Jika kemarin kita telah melihat mukjizat luar biasa dari Allah yang penuh kasih turun atas Dana Lu Blessing, dimana diluar ekspektasi logika medis ternyata Dana tumbuh sehat dan diberkati, hari ini saya ingin membagikan kelanjutan kisah Dana, ketika dia berusia 5 tahun. Pada suatu hari Dana tengah duduk di pangkuan ibunya. Keduanya tengah melihat kakak Dana, Dustin, yang sedang main baseball. Di tengah obrolan santai bersama ibunya, Dana tiba-tiba terdiam. Dana lalu meletakkan kedua tangannya ke dada, seperti sedang memeluk. Dia bertanya pada ibunya,"ibu, bisa mencium sesuatu tidak?" Si ibu melihat ke langit yang tampaknya mulai mendung dan akan hujan, angin yang mulai bertiup lebih kencang, lalu menjawab: "ya, tampaknya bakal hujan.
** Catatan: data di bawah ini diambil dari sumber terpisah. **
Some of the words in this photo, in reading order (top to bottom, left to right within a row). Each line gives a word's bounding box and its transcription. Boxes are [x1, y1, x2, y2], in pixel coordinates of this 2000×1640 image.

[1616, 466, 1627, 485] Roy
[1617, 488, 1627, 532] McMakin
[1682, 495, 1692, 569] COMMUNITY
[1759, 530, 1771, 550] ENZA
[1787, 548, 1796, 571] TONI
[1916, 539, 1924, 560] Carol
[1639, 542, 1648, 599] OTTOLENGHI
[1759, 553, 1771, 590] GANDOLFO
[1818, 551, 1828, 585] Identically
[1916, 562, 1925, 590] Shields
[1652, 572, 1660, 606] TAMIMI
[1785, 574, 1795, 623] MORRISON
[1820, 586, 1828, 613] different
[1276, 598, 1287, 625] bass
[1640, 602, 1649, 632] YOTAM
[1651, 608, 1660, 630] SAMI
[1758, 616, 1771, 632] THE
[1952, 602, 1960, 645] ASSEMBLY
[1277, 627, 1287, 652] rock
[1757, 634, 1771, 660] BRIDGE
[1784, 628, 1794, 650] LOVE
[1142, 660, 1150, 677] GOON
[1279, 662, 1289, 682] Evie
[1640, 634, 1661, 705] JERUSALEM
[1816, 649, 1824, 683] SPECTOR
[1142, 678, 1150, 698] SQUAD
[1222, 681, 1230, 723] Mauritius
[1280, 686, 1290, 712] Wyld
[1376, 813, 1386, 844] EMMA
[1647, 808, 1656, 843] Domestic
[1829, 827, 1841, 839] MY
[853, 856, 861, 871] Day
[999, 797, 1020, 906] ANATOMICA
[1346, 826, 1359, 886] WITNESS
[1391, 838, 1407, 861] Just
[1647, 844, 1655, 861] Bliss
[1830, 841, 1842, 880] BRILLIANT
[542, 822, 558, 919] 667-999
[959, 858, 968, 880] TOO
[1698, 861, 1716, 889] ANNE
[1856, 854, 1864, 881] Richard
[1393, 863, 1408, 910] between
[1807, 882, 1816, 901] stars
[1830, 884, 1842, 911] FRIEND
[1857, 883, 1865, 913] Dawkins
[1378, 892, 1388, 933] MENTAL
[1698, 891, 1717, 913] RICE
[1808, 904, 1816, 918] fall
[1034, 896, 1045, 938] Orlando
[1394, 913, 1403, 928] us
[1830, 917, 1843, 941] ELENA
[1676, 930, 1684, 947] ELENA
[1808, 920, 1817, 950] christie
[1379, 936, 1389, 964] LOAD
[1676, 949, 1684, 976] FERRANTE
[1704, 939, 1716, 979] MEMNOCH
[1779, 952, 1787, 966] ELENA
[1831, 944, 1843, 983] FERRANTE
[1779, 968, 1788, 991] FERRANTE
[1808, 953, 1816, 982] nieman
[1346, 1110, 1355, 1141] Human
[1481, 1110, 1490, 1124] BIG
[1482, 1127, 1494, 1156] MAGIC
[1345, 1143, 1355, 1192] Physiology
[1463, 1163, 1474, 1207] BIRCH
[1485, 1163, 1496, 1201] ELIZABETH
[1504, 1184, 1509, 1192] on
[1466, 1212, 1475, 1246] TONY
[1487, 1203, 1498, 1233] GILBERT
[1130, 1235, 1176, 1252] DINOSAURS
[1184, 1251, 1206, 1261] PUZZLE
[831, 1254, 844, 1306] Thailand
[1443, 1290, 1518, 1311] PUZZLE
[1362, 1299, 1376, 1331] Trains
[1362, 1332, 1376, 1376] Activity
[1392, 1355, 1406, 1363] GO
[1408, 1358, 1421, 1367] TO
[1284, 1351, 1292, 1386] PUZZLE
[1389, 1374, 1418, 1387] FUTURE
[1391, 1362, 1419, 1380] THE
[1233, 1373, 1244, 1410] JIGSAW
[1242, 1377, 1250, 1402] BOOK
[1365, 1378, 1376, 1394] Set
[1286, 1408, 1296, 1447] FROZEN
Seperti bau hujan." Dana menggelengkan kepalanya lalu menepuk pundak ibunya. "Tidak, tidak... ini seperti aroma Tuhan. Ini aroma yang tercium ketika aku berada dalam pelukanNya." Menangislah sang ibu. Ketika 2 bulan pertama mereka belum bisa memeluk Dana, ternyata Dana tetap berada dalam pelukan Allah yang penuh kasih. Ketika sistem saraf dan kulit Dana belum memungkinkan untuk menerima sentuhan dan belaian, tangan Tuhan ternyata memeluk dan melindungi Dana tanpa henti. Tuhan terus memeluk Dana, sampai-sampai Dana bisa mengenal aroma Tuhan dengan sangat baik.